C’était tendu, la semaine dernière à Berne. Il y eut d’abord le refus du budget, suite aux enfantillages de l’opposition au pouvoir. Puis le non-débat sur la non-immigration de masse. Mais enfin, surtout, le gros dossier: l’éjection des médias de l’antichambre du Conseil des Etats. Une mesure unilatérale des sénateurs contre l’immigration massive de journalistes au Palais. Ni libre circulation, ni contingents: les frontières sont fermées. Dehors, les journalistes.

Ce n’est jamais bon de fâcher les médias. «Les élites se coupent du peuple», dénonça la presse. On a frôlé la crise de couple. A tel point que les sénateurs ont fait machine arrière. Dommage. Pour une fois qu’ils avaient une bonne idée. Leur règlement est en général vieillot et absurde – comme l’interdiction des ordinateurs ou des épaules nues.

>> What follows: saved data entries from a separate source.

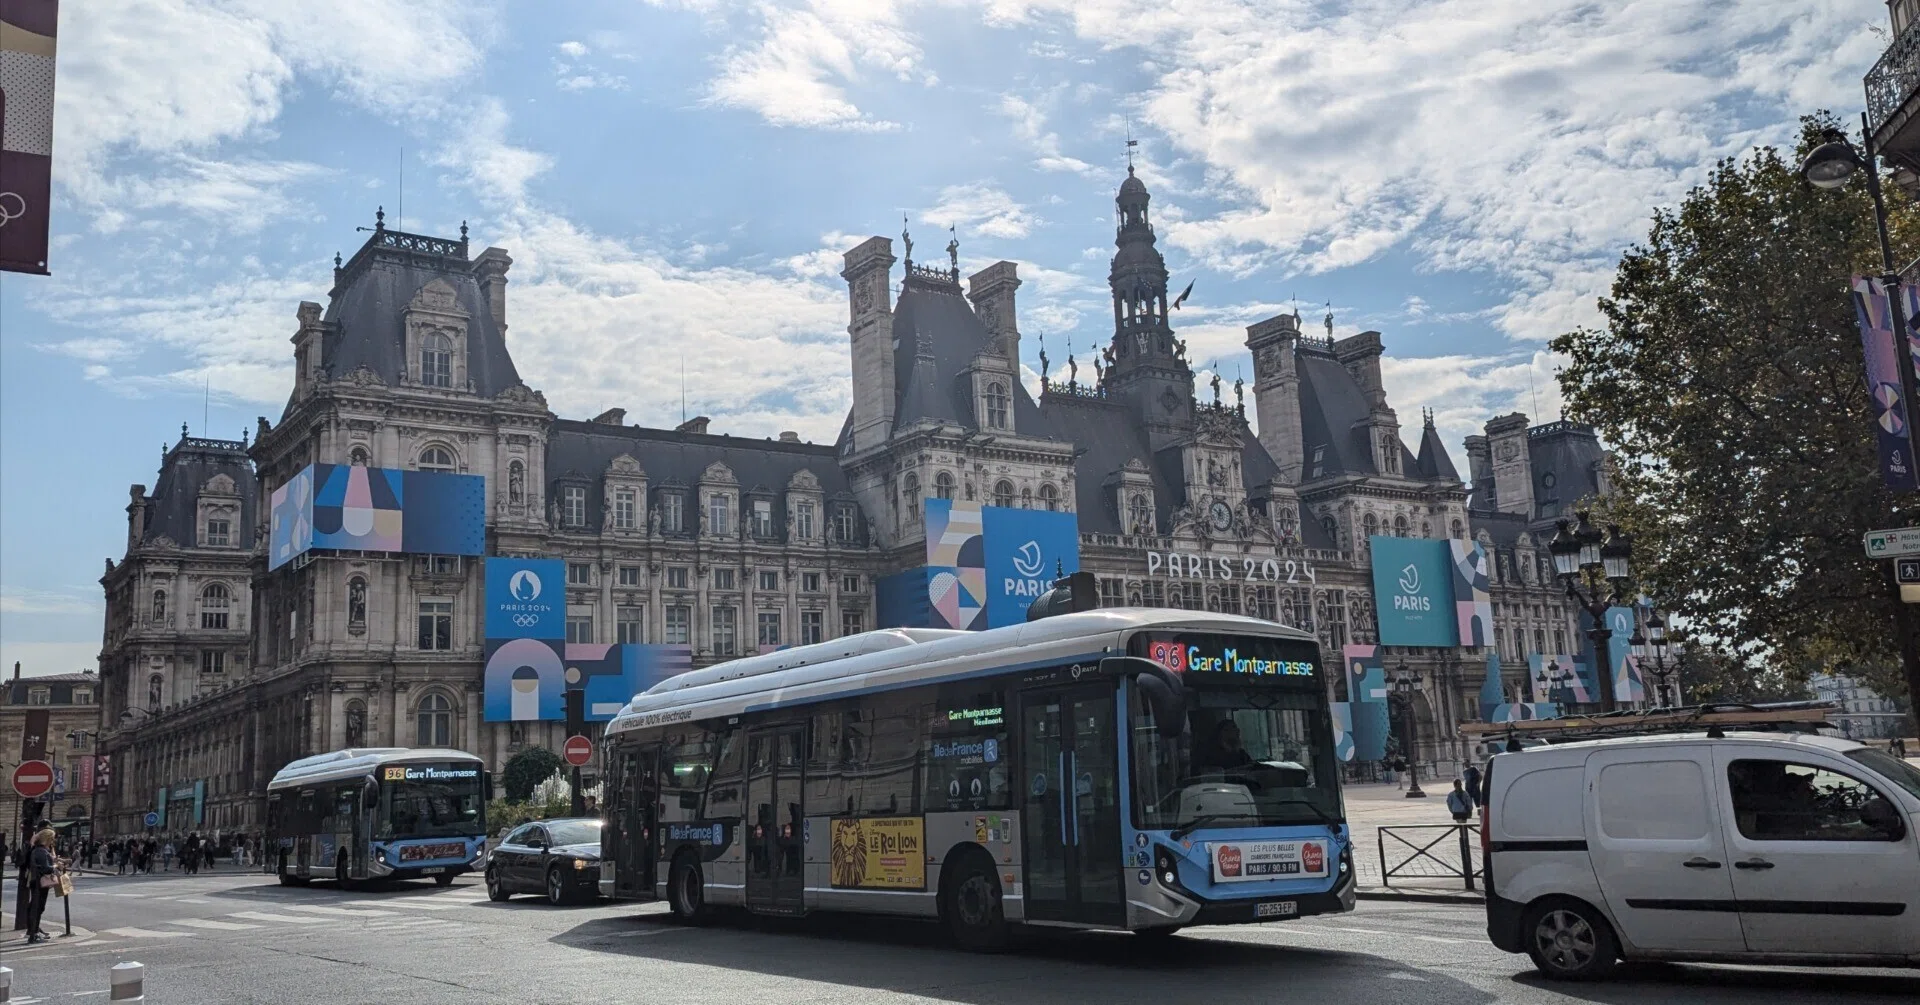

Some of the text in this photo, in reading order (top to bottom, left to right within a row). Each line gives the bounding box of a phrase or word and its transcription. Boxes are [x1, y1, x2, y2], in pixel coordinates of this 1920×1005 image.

[1890, 464, 1907, 474] PARIS
[1243, 557, 1316, 585] 2024
[527, 604, 551, 612] 2024
[1394, 595, 1431, 611] PARIS
[1155, 644, 1314, 676] 96 Gare Montparnasse
[621, 709, 692, 729] véhicule 100% électrique
[948, 707, 1002, 720] Gare Montparnasse
[388, 767, 477, 779] 96 Gare Montparnasse
[870, 832, 917, 854] LE ROI LION
[1250, 844, 1295, 853] LES PLUS BELLES
[1248, 864, 1267, 874] PARIS
[1272, 863, 1287, 873] 90.9
[1288, 863, 1297, 872] FM
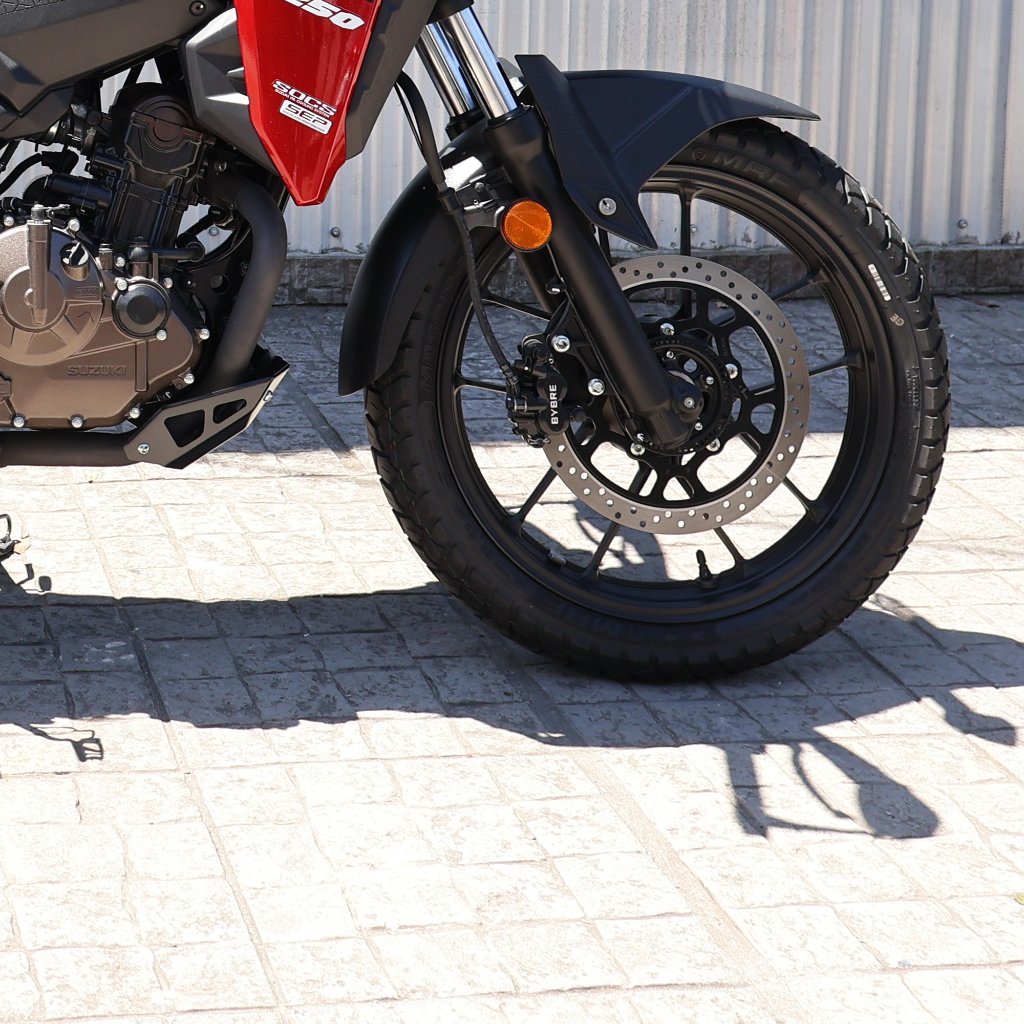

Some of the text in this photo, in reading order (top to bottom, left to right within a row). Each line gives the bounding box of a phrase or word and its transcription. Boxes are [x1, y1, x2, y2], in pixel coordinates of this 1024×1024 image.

[273, 80, 337, 116] SOCS
[284, 104, 328, 126] SEP
[66, 364, 127, 377] SUZUKI
[549, 384, 559, 425] BYBRE

100 décibels constants et 10 virus au mètre cube

Mais là, ils avaient raison. En session, au National, nous travaillons sur un strapontin, dans une salle à 100 décibels constants (entre l’autoroute et la tronçonneuse), une ambiance d’abri PC et 10 virus au mètre cube. Pour ceux qui n’arrivent pas à travailler dans cette «salle», il y a les Pas Perdus. Juste derrière. Un couloir, en fait. Avec trois tables et demie, 100 décibels aussi, des courants d’airs, des visiteurs, des lobbyistes, et des journalistes. Cent passages par minute. Un flux migratoire ingérable.

Exemple vécu. Vous préparez votre prochaine intervention à la tribune. Toutes les cinq minutes, un lobbyiste vous demande si vous avez deux minutes. Un journaliste passe et vous interroge sur les OGM. Sans sommation, la caméra tourne. Votre voisin crie au téléphone, un lobbyiste repasse, renverse votre café, demande pardon, le journaliste insiste, vous n’avez pas répondu.

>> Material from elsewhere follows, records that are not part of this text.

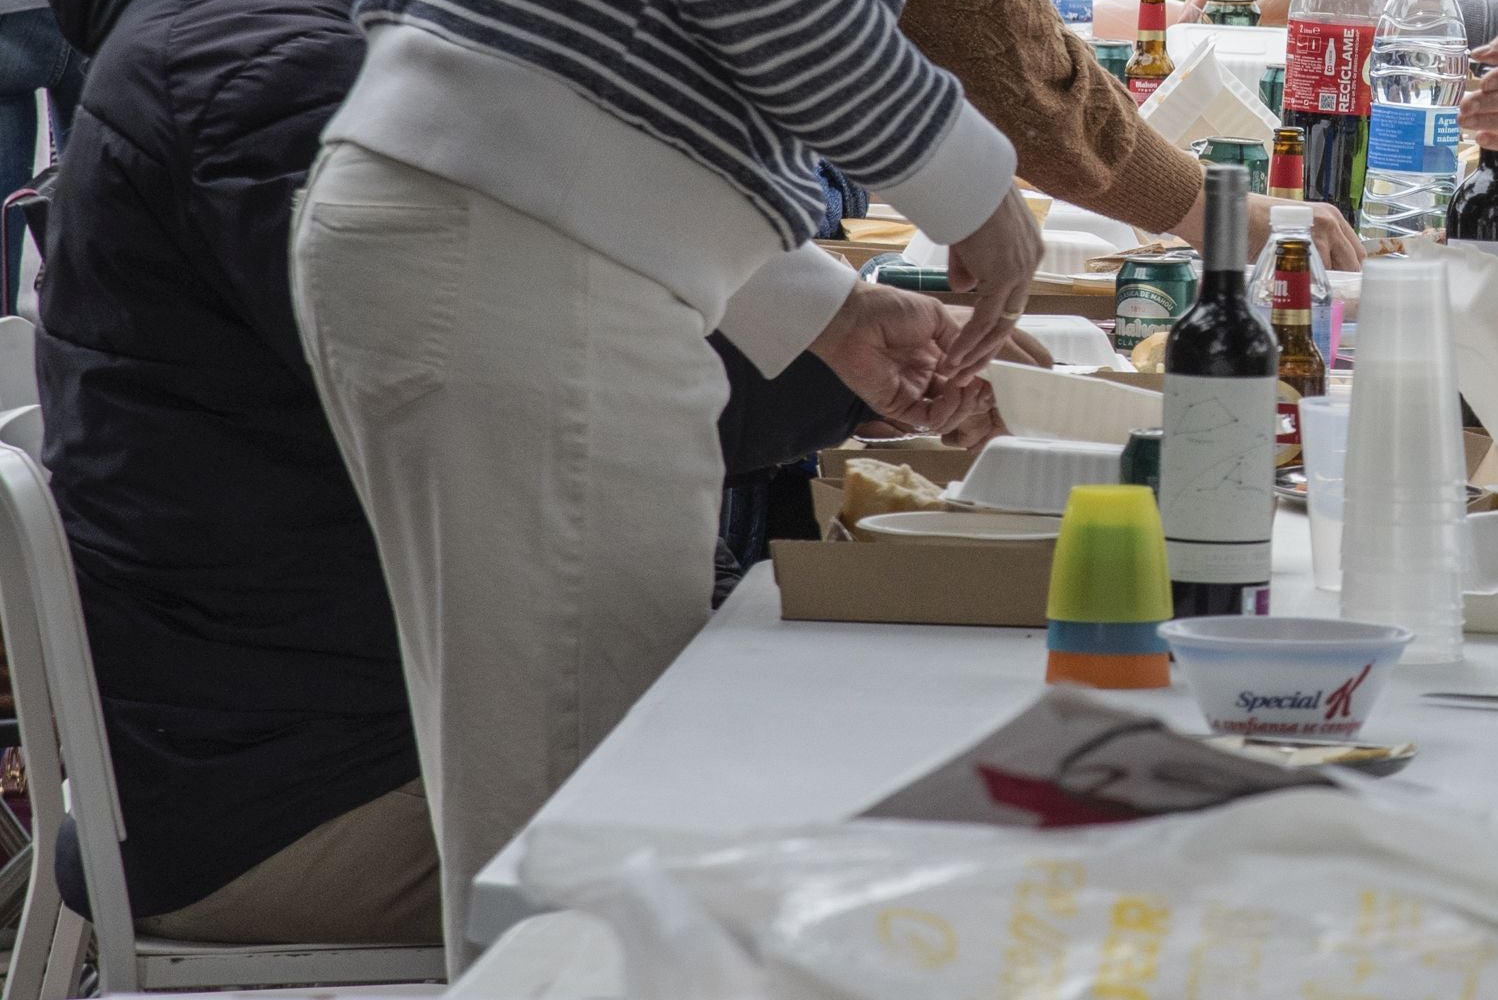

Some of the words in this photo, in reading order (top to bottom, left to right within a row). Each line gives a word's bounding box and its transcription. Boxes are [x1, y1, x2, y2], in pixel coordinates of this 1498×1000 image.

[1337, 28, 1355, 112] RECÍCLAME
[1135, 81, 1158, 89] Mahou
[1438, 117, 1457, 127] Agua
[1139, 290, 1150, 298] DE
[1150, 293, 1174, 311] MAHOU
[1235, 689, 1323, 713] Special
[1324, 658, 1377, 720] K

Une salle de travail… pour travailler

Un correspondant zurichois vous interpelle sur le frein à l’endettement, un Romand vous demande où est votre collègue de droite qui vote à gauche, le gars de la télé vous relance pour une invitation lundi soir, et un animateur gominé vous hurle de sortir du cadre de l’interview de votre voisin (qui a fini de crier au téléphone, lui). En vous sommant de vous taire: il est en direct. Vous vous demandez alors ce que vous faites là.

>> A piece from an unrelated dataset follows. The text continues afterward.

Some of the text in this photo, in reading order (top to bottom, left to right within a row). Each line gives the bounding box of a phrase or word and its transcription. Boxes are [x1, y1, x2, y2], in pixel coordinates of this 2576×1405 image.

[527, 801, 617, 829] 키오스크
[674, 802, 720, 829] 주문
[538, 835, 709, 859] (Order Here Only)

Les sénateurs ont raison, réservons les Pas Perdus aux parlementaires. Comme en commission. Une salle de travail, en somme. Ce n’est ni tendance, ni populaire. Très élitiste et peu populiste. Mais c’est juste pour travailler un peu, en fait. Et qu’on en finisse avec la libre circulation à Berne, une fois pour toutes.